> [PROBLEM]: Omit any picture, and return the remaining data exactly as written.

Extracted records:
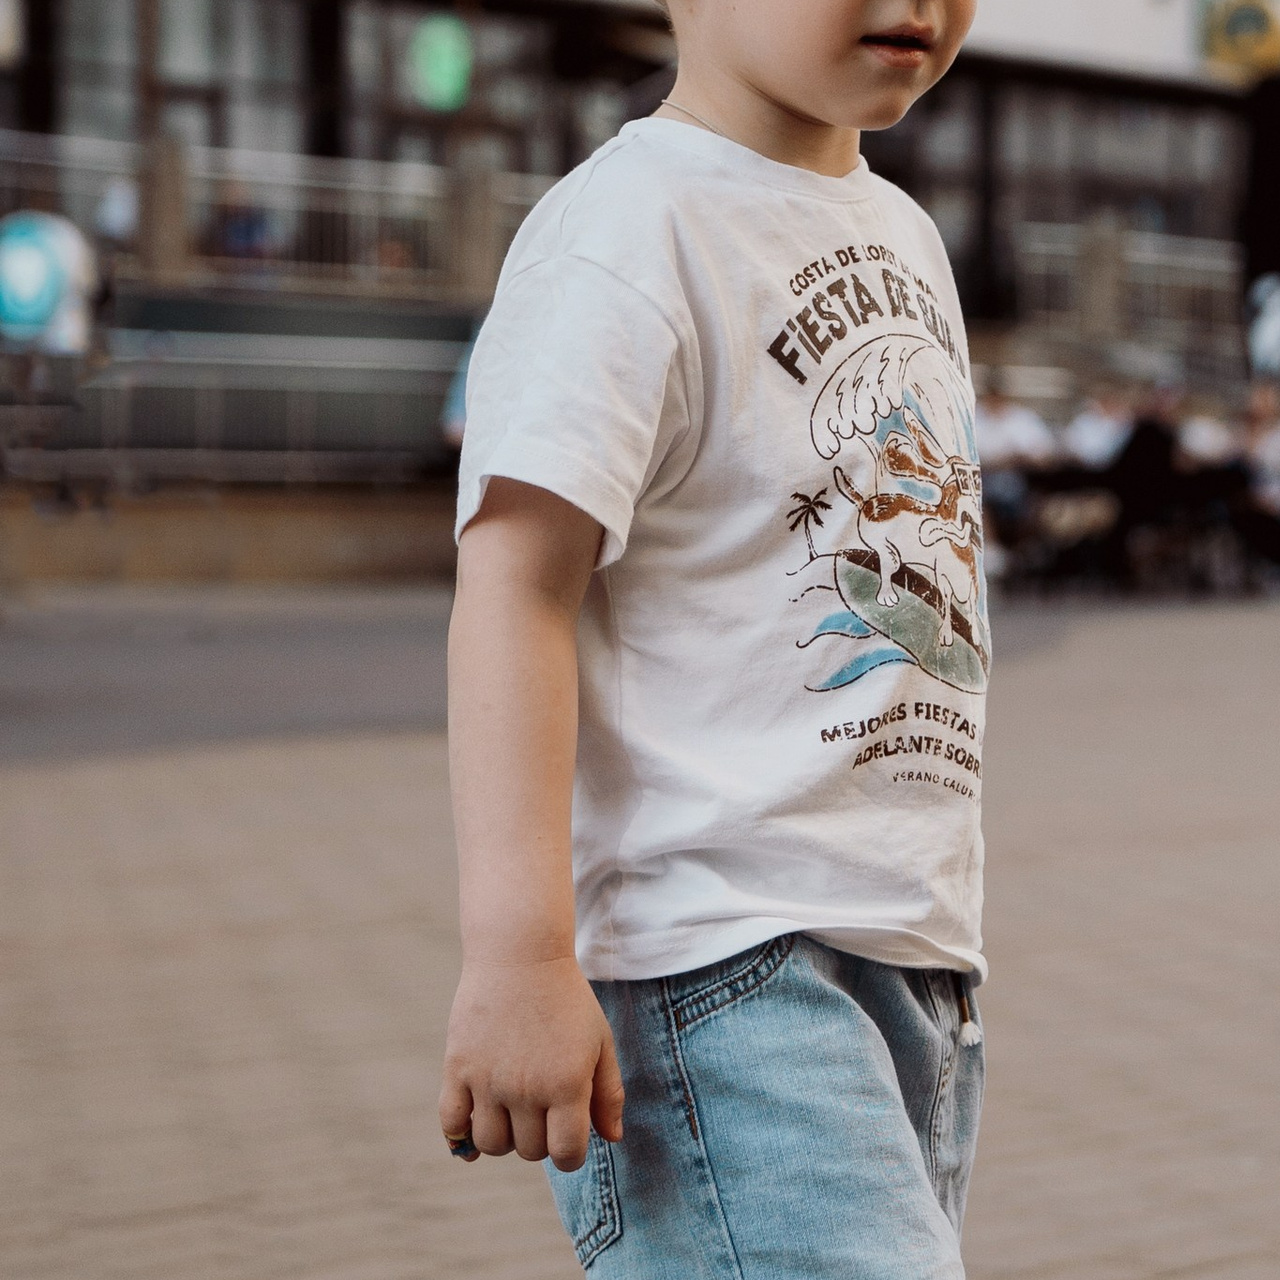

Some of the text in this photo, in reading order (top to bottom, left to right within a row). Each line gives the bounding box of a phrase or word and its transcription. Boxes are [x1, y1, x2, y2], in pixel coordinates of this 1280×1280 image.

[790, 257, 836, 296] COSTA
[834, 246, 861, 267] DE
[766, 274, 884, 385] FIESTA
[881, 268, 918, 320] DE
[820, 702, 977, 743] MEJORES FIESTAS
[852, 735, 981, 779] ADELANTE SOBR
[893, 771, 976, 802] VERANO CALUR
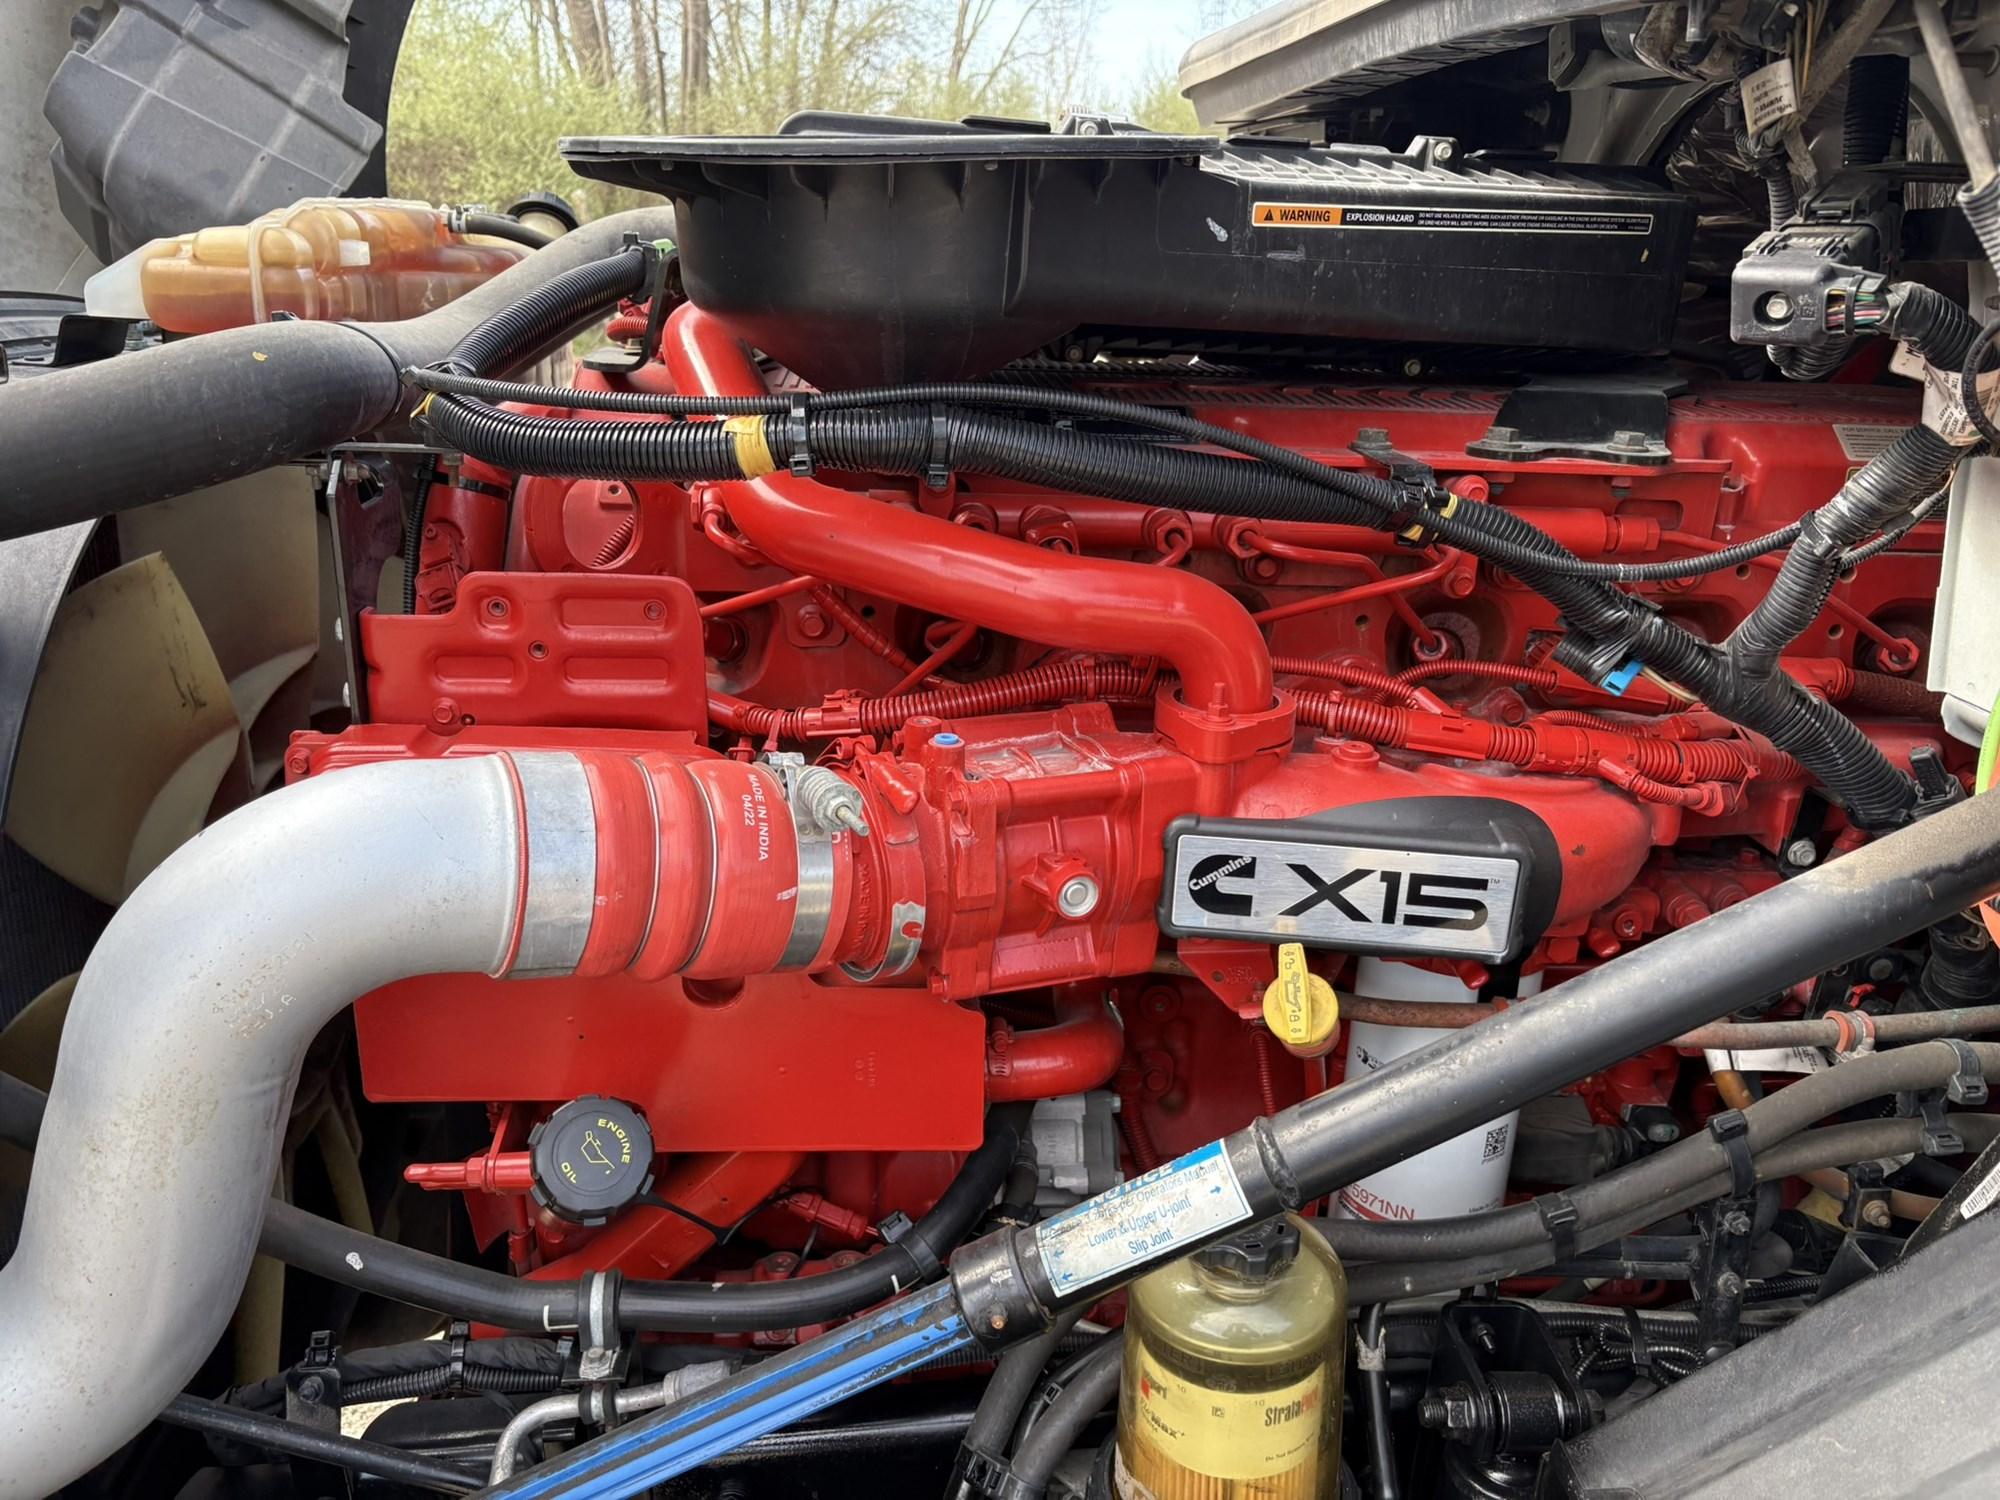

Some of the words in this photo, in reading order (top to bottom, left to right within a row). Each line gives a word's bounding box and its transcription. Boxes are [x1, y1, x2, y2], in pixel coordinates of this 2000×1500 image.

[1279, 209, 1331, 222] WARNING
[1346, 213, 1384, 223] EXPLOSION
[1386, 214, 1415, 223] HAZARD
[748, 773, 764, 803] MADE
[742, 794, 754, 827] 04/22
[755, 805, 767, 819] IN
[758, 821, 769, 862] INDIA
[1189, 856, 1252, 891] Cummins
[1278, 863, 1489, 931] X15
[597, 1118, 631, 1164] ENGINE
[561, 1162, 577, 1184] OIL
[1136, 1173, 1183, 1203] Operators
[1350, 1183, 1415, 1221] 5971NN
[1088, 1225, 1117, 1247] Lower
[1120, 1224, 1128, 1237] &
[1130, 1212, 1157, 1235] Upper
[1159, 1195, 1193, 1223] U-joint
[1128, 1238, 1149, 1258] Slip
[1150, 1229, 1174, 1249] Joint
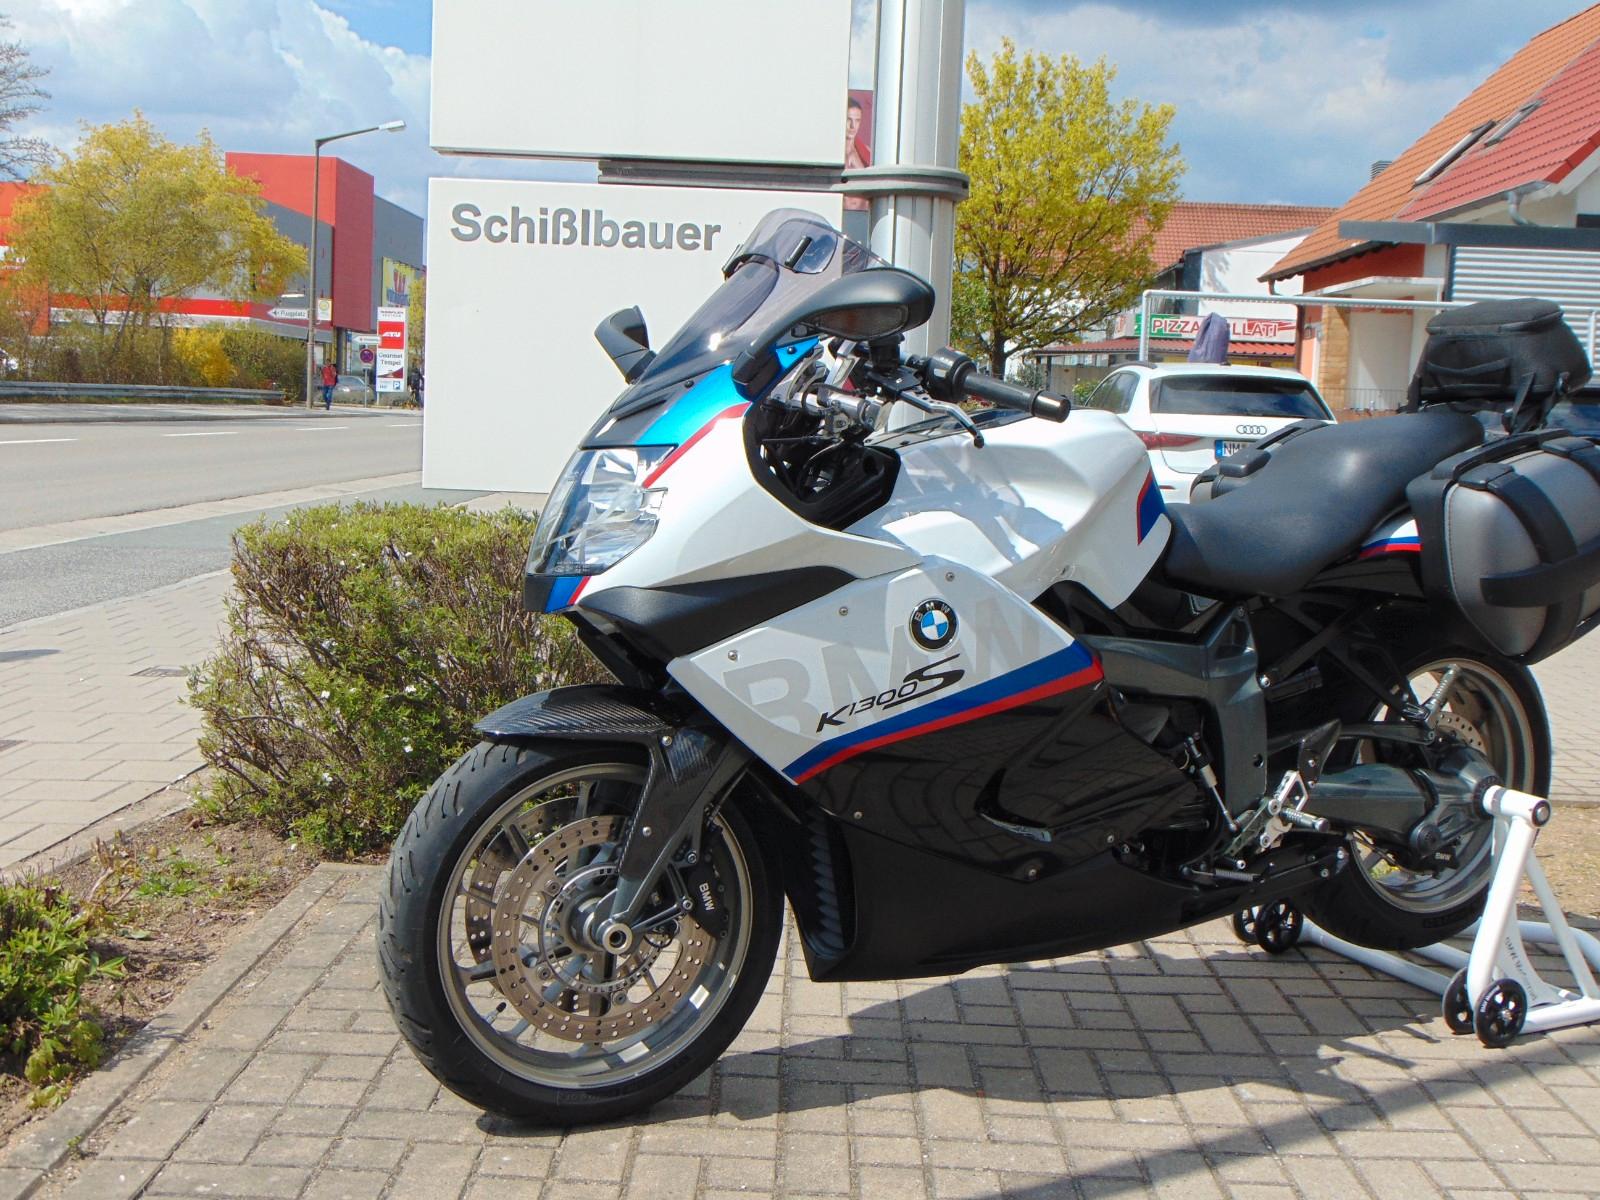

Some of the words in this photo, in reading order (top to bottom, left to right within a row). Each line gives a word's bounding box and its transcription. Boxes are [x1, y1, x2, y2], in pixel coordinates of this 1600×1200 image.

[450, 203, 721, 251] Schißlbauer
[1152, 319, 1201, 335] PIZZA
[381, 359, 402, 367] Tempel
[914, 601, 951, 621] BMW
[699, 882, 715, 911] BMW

> [SOLUTION]:
Some of the text in this photo, in reading order (top to bottom, left to right within a row). Each line gives the bounding box of a phrase or word and its transcription. Boxes are [x1, y1, x2, y2], in pixel coordinates of this 1280×1280 image.

[790, 257, 836, 296] COSTA
[834, 246, 861, 267] DE
[766, 274, 884, 385] FIESTA
[881, 268, 918, 320] DE
[820, 702, 977, 743] MEJORES FIESTAS
[852, 735, 981, 779] ADELANTE SOBR
[893, 771, 976, 802] VERANO CALUR

Some of the words in this photo, in reading order (top to bottom, left to right within a row). Each line gives a word's bounding box and its transcription. Boxes are [x1, y1, x2, y2], in pixel coordinates of this 2000×1500 image.

[1279, 209, 1331, 222] WARNING
[1346, 213, 1384, 223] EXPLOSION
[1386, 214, 1415, 223] HAZARD
[748, 773, 764, 803] MADE
[742, 794, 754, 827] 04/22
[755, 805, 767, 819] IN
[758, 821, 769, 862] INDIA
[1189, 856, 1252, 891] Cummins
[1278, 863, 1489, 931] X15
[597, 1118, 631, 1164] ENGINE
[561, 1162, 577, 1184] OIL
[1136, 1173, 1183, 1203] Operators
[1350, 1183, 1415, 1221] 5971NN
[1088, 1225, 1117, 1247] Lower
[1120, 1224, 1128, 1237] &
[1130, 1212, 1157, 1235] Upper
[1159, 1195, 1193, 1223] U-joint
[1128, 1238, 1149, 1258] Slip
[1150, 1229, 1174, 1249] Joint

Some of the words in this photo, in reading order (top to bottom, left to right within a row). Each line gives a word's bounding box and its transcription. Boxes are [x1, y1, x2, y2], in pixel coordinates of this 1600×1200 image.

[450, 203, 721, 251] Schißlbauer
[1152, 319, 1201, 335] PIZZA
[381, 359, 402, 367] Tempel
[914, 601, 951, 621] BMW
[699, 882, 715, 911] BMW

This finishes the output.